Titoli come “Lavora solo chi non sa fare altro”, “YouTube è una miniera d’oro (se smetti di fare lo spettatore)” o “Perché le tue idee muoiono prima ancora di nascere” funzionano perché creano una frizione iniziale. Non cercano di piacere a tutti. Costringono chi guarda a fermarsi un attimo.
Questo è coerente con il tipo di posizionamento che sto costruendo. Ed è un segnale positivo: non sto inseguendo trend, sto testando una direzione.
Il primo problema: le persone guardano, ma non parlano
Il coinvolgimento è basso. Pochi commenti, pochi like, anche su video che fanno diverse visualizzazioni. All’inizio può sembrare un problema. In realtà, è un segnale preciso. Le persone stanno guardando, ma non si espongono ancora. È tipico quando entri in contatto con pubblico freddo e proponi contenuti che mettono in discussione qualcosa.
Non è rifiuto. È distanza.
In questa fase, il pubblico ascolta, osserva, ma non prende posizione. E questo va accettato come parte del processo.
Il vero punto debole (scoperto guardando i dati)
Il dato più importante, quello che cambia davvero il gioco, è la percentuale media visualizzata: 17,2%. Questo non è un buon numero. Non è disastroso, ma non è sufficiente per scalare. Significa che riesco ad attirare l’attenzione, ma non a trattenerla fino in fondo.
In pratica: l’hook funziona, ma il contenuto perde forza lungo il percorso.
Questa è la scoperta più utile di tutta l’analisi. Non devo trovare nuove idee. Devo migliorare come sviluppo quelle che già funzionano.

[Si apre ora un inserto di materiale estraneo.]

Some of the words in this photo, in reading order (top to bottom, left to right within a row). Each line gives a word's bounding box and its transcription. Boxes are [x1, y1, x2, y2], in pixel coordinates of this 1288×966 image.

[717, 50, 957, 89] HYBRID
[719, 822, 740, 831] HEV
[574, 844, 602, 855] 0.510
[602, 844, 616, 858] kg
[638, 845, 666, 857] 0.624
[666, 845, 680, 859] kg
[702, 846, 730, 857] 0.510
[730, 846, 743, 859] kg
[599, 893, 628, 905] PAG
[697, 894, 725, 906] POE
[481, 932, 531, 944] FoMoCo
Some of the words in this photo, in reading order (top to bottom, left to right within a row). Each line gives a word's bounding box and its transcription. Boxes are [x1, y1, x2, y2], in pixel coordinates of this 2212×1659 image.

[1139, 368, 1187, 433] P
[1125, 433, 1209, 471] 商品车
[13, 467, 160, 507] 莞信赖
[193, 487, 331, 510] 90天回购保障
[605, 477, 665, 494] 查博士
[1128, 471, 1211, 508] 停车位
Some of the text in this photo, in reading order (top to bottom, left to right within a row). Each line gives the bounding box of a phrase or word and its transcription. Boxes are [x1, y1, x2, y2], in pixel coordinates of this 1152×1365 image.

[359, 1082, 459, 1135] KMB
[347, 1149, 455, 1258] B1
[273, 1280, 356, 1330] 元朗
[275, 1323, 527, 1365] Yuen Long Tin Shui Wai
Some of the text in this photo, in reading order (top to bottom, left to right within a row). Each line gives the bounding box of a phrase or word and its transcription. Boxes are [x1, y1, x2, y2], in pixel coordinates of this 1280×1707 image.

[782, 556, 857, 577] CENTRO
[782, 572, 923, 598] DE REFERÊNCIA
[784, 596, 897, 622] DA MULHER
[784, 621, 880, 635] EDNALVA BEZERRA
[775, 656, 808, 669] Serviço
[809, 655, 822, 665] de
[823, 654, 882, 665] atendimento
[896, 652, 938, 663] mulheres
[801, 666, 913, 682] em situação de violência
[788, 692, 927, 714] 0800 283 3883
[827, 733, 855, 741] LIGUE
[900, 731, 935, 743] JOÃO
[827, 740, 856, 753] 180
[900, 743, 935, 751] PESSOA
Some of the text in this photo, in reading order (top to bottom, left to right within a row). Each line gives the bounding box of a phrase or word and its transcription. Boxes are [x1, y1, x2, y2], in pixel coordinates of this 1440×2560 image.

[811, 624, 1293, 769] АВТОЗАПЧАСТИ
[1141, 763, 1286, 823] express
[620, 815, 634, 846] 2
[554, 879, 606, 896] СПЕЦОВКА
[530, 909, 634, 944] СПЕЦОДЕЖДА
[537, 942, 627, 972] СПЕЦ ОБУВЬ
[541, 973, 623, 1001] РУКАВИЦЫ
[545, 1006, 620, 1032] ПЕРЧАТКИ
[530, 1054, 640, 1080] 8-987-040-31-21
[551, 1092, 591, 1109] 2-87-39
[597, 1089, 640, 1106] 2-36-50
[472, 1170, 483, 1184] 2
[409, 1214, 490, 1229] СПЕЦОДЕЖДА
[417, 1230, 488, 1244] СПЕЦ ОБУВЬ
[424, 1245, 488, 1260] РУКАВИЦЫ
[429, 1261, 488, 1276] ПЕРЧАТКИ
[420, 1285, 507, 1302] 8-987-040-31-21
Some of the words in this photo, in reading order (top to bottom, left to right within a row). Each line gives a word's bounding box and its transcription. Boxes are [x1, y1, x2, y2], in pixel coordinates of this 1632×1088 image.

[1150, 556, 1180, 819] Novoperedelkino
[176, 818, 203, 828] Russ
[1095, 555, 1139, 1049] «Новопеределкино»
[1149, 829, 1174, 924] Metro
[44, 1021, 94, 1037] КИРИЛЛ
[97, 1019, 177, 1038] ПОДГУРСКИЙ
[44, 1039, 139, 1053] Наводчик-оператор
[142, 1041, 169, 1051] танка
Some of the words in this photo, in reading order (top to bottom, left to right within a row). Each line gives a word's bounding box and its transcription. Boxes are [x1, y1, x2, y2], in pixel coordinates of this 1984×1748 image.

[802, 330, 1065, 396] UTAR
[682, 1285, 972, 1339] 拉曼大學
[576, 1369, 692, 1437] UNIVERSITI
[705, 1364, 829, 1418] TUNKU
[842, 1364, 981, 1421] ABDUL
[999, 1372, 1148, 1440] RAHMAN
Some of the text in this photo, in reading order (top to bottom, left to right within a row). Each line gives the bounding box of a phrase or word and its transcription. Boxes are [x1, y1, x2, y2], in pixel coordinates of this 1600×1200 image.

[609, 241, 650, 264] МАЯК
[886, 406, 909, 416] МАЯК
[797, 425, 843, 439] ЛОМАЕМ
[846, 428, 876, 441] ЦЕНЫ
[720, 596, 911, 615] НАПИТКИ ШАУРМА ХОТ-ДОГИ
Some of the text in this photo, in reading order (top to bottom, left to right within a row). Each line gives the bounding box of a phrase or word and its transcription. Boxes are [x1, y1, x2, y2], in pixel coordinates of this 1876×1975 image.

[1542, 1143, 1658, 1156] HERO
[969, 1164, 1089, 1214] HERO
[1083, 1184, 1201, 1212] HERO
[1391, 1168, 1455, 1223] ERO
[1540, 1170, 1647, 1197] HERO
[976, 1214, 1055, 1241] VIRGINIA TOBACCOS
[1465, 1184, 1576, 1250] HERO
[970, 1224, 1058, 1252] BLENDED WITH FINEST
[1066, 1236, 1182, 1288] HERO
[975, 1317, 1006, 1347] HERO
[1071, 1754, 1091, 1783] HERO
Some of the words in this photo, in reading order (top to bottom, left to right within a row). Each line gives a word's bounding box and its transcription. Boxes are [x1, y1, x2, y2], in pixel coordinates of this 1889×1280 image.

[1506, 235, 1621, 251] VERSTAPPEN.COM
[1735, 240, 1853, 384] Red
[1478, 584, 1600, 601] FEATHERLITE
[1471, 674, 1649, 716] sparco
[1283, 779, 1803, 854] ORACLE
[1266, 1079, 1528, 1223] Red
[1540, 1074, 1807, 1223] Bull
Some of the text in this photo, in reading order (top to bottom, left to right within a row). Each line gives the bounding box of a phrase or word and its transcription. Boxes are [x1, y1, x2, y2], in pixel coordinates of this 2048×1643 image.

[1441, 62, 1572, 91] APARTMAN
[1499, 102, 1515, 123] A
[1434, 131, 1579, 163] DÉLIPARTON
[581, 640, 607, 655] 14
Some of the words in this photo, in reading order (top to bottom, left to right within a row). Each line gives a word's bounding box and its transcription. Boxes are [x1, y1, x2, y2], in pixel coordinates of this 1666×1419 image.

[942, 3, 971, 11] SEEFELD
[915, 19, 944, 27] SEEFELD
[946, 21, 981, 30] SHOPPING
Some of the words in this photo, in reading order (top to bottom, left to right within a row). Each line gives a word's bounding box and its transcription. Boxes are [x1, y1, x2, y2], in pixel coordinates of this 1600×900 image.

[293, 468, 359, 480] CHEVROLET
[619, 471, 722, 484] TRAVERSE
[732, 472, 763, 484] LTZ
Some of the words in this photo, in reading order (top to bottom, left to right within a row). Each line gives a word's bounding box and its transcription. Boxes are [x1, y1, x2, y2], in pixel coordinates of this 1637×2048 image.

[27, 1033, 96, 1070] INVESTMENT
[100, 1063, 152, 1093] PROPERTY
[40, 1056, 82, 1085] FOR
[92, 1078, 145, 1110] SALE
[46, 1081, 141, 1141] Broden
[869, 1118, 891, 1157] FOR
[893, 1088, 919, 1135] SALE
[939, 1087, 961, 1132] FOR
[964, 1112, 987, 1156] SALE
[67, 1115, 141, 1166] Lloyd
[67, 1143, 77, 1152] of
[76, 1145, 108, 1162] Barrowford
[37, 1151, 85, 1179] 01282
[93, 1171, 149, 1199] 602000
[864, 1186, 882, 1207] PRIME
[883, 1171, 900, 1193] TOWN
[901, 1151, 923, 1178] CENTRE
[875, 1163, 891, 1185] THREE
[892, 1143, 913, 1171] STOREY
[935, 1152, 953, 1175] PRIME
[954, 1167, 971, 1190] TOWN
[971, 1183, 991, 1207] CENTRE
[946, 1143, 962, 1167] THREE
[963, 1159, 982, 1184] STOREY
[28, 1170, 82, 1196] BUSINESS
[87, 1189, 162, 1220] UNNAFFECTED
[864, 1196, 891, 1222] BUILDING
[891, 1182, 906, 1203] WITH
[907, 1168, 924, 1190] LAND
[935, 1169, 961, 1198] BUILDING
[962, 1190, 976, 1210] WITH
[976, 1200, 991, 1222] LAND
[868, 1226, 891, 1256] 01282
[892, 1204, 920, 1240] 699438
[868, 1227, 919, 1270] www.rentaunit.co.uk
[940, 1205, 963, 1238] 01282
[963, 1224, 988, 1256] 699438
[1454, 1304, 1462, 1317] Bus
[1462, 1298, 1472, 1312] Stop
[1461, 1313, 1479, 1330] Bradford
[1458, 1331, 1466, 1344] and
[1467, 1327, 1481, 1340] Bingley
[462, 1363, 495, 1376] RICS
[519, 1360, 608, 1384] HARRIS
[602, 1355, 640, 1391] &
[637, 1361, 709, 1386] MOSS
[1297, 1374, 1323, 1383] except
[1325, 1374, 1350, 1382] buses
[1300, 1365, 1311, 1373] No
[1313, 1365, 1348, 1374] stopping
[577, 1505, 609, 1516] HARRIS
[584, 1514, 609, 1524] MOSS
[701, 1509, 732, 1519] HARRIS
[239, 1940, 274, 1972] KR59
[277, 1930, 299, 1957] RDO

La crescita degli iscritti (e perché è lenta)
La crescita degli iscritti è costante, ma non veloce. Anche questo è coerente con i dati precedenti. Se le persone guardano ma non interagiscono molto, è normale che il passaggio all’iscrizione sia più lento. Non è un errore da correggere subito, ma una conseguenza del tipo di contenuto e della fase in cui si trova il canale.
Prima viene la distribuzione. Poi la relazione. Solo dopo arriva la conversione.
Cosa farò nei prossimi contenuti
Non cambierò argomento. Non inseguirò trend. Non snaturerò il messaggio. Il lavoro vero sarà sul modo in cui racconto le idee. Più ritmo, più struttura, più tensione. Meno dispersione.
Se riesco a portare quella percentuale media dal 17% al 30–40%, con questi stessi livelli di distribuzione, il canale cambia completamente scala. Ed è lì che voglio arrivare.
Conclusione
Questi primi 40 giorni non servono a dire “sto crescendo”. Servono a capire cosa sta succedendo mentre succede. YouTube sta già distribuendo i contenuti. Il messaggio funziona. Il pubblico arriva.
Ora il punto non è fare di più. È fare meglio. Perché è lì che si costruisce qualcosa che non dipende dalla fortuna, ma da un sistema che puoi replicare.